Turo’s financial turnaround suggests the moves are working. The peer-to-peer car-renting marketplace reported its first-ever profitable quarter this year, according to results shared with The Wall Street Journal, and Mr. Haddad forecasts achieving full-year profitability in 2022, before adjusting for interest and taxes.
Mr. Haddad plans to publicly list shares of Turo this year, buoyed by the company’s success and following the strong performance of many tech initial public offerings in 2020. He is undecided whether he will pursue a traditional IPO and is open to alternatives, such as going public through a merger with a blank-check corporation.
Turo is a website where private car owners rent their vehicles by the day, week or month, including luxury rides like Lamborghinis. The car-renting marketplace joins Airbnb Inc. in a category of startups that looked precarious at the start of the pandemic but have since benefited from an unexpected shift in consumer behavior during widespread lockdown orders.
In Turo’s case, people swapped air travel for local excursions, and needed cars. People took hiatuses from cities to work remotely, and rented a car for their new locale. Some customers with extra cash after months cooped up indoors have rented sports cars or Teslas for joy rides. Turo keeps a variable cut of the rental revenue, depending on insurance costs, and charges a separate booking fee.
“The platform model is a lot more nimble and flexible,” said Arun Sundararajan, a New York University professor and author of a book on the sharing economy. Because marketplaces like Turo don’t own assets, as hotels or traditional car-rental companies do, they “are much less likely to go into financial distress,” he said.
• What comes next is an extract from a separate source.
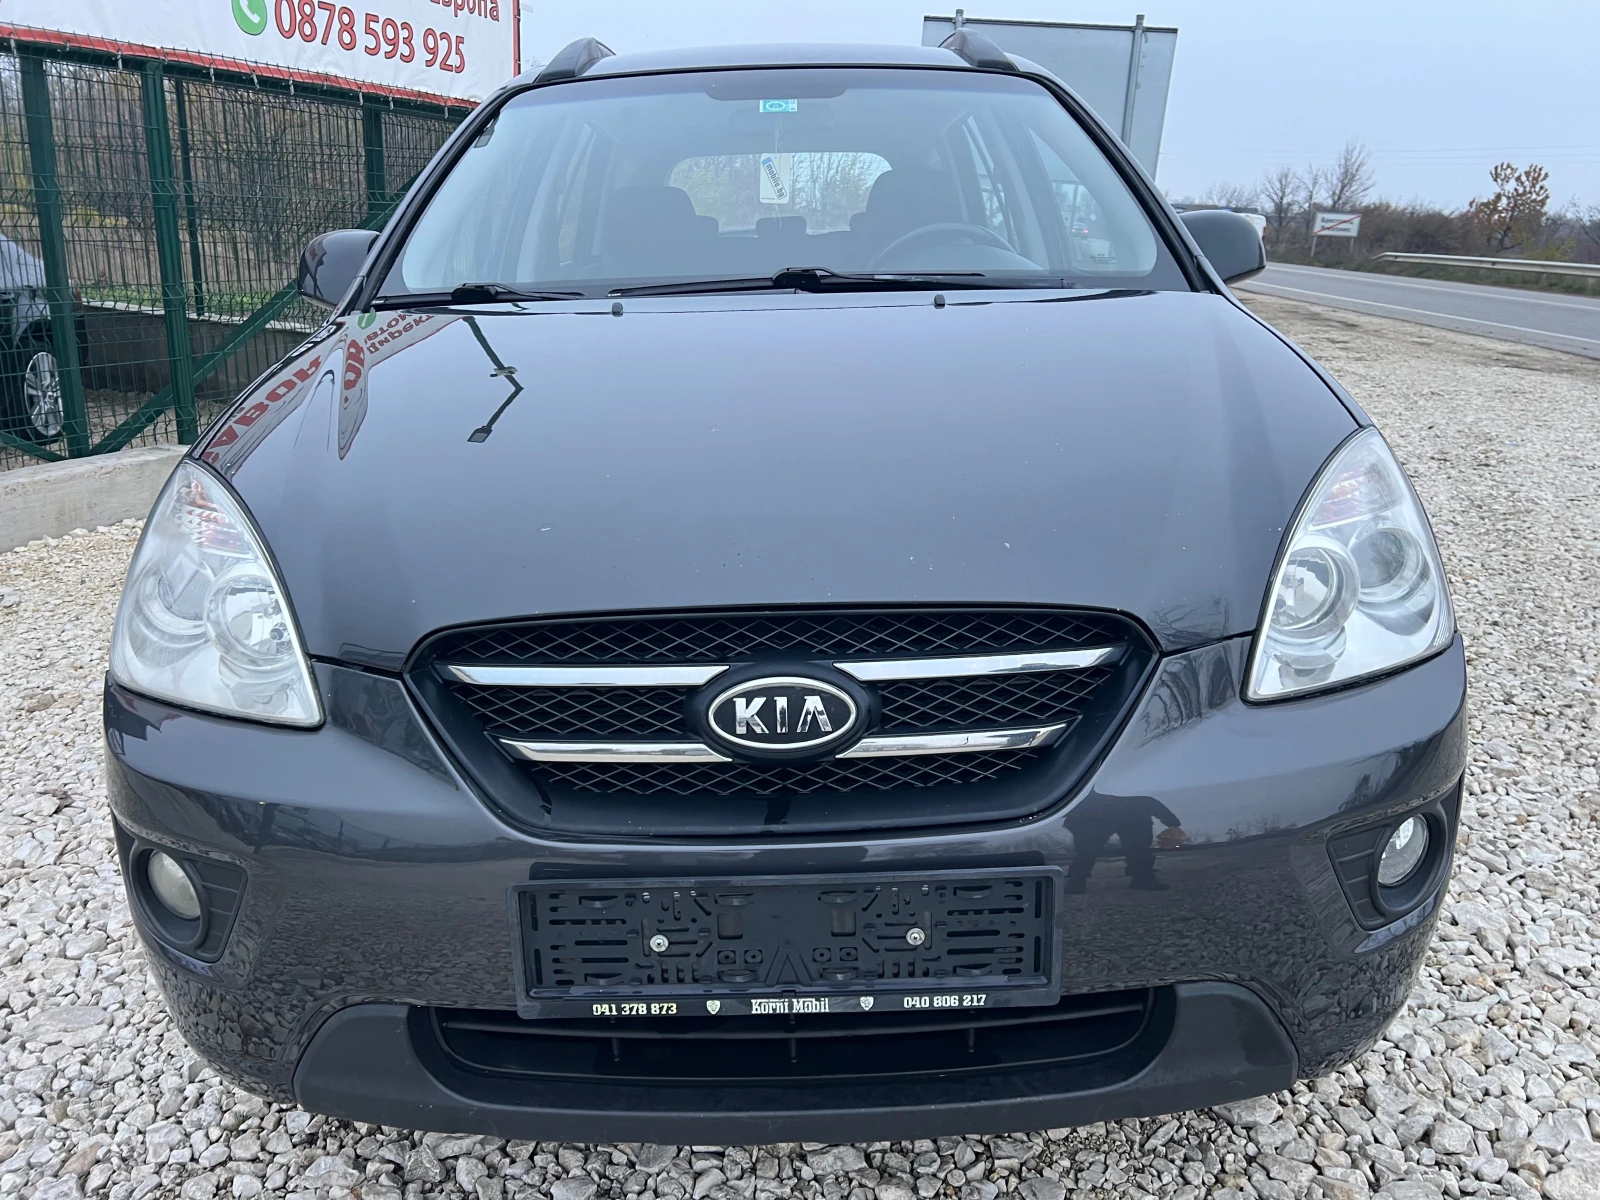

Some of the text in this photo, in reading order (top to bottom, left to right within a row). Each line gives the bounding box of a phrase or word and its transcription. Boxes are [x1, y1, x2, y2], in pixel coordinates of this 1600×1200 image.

Hertz Global Holdings Inc., one of the country’s largest car-rental companies, filed for bankruptcy protection in May.
Turo said it expects to finish 2020 with $153 million in revenue, a record for the 10-year-old San Francisco-based company. It also sees revenue for the second half of the year at $92.3 million, up 7% from the year-earlier period. The increase reflects slower growth than in recent years, when revenue climbed more than 60%, but any gain is notable amid the pandemic.
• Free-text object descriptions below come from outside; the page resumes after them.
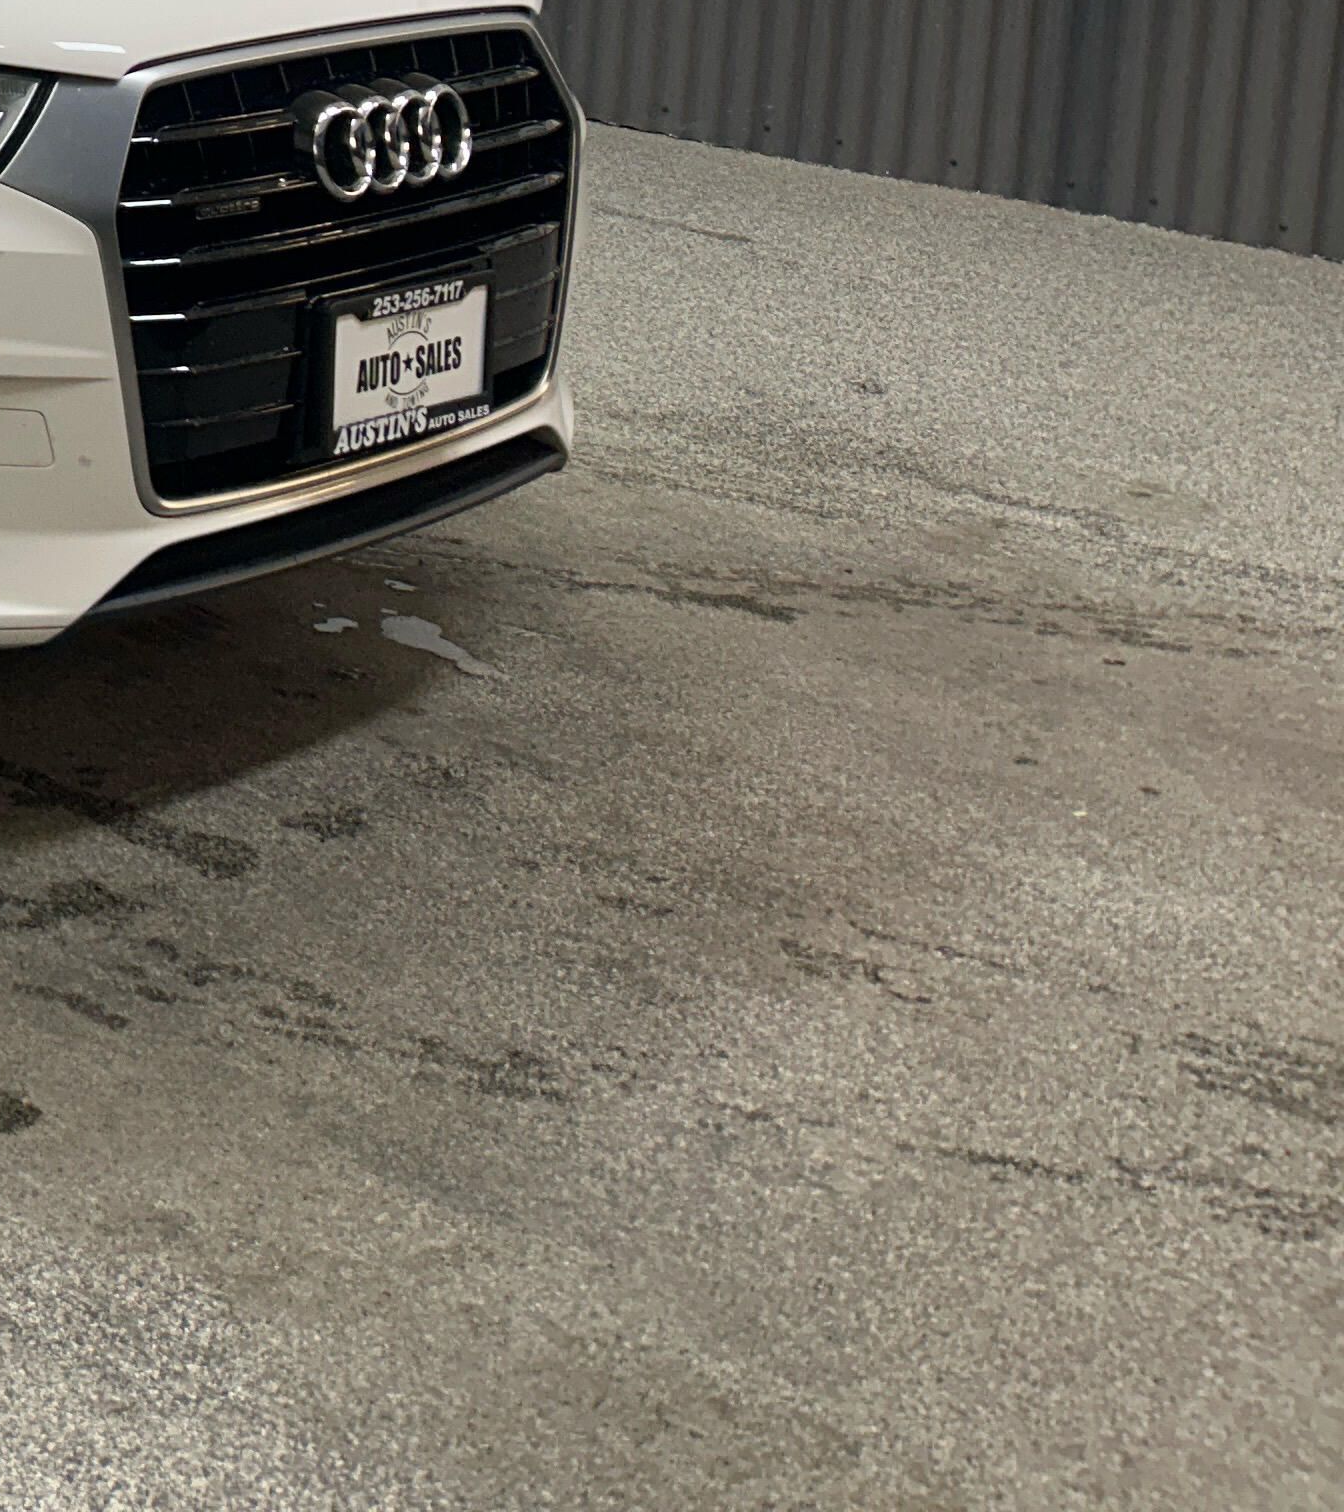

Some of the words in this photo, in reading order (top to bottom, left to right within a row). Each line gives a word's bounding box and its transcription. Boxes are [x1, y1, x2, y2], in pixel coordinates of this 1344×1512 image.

[372, 280, 464, 317] 253-256-7117
[356, 350, 401, 394] AUTO
[415, 336, 462, 379] SALES
[333, 406, 428, 455] AUSTIN'S
[428, 413, 455, 430] AUTO
[457, 404, 490, 422] SALES
The company also said it cut its losses, before adjusting for interest and taxes, to $7.2 million in the second half of 2020 from $46.9 million a year earlier.
Mr. Haddad, 49 years old, was chief operating officer of European internet auction marketplace iBazar SA when the tech market collapsed in 2000. He said he was indecisive and hesitated in his response to the crisis, and sold iBazar at a steep discount to eBay Inc. in early 2001.
“We did not manage that crisis very well, so that experience stayed with me,” Mr. Haddad said.
What was good for Turo also has been good for its main U.S. rival, private car-renting marketplace Getaround. By late summer, Getaround’s revenue had more than doubled from before the pandemic, said the company’s deputy general counsel, Andrew Byrnes.
Turo and Getaround are, so far, exceptions in a volatile industry. General Motors Co. ’s car-sharing service Maven and Daimler AG and BMW’s car-sharing venture Car2Go have closed in the past year, among other failures.
Madeline Brozen, who studies public policy and transportation at the University of California, Los Angeles, said the arrival of ride-hailing giants Lyft Inc. and Uber Technologies Inc. depressed the market of would-be car-sharing customers, and a trend toward more private vehicle ownership has challenged car-sharing businesses. Consumers flocked to used-car lots and auto makers reported record profits during the pandemic, suggesting that disadvantageous trend will continue.
“We have not actually moved the needle in terms of reducing individual car ownership, and it is that which will drive these car-sharing models,” Ms. Brozen said.
Turo also has had setbacks in battles with regulators and airports over fees and permitting. And consumer behavior will change again, post-pandemic. Once people resume air travel in bigger numbers, they may be more inclined to use traditional rental car outlets at airports, where Turo has less of a presence.
SHARE YOUR THOUGHTS
What’s your reaction to the moves Turo made to keep the business running? Join the conversation below.
Both Turo and Getaround have been assisted through the pandemic by taxpayer money. Turo received about a $6 million loan, and Getaround got $6.9 million from the government’s small business pandemic-aid program.
Mr. Haddad said the money from the Paycheck Protection Program allowed him to hire back about half of the 110 people he laid off and reverse the roughly 25% pay cut he gave all employees, including himself. Getaround’s Mr. Byrnes said the loan enabled the company to save jobs.
“Ethically it felt right to us to add the PPP to our arsenal of all of the measures that we were taking,” Mr. Haddad said.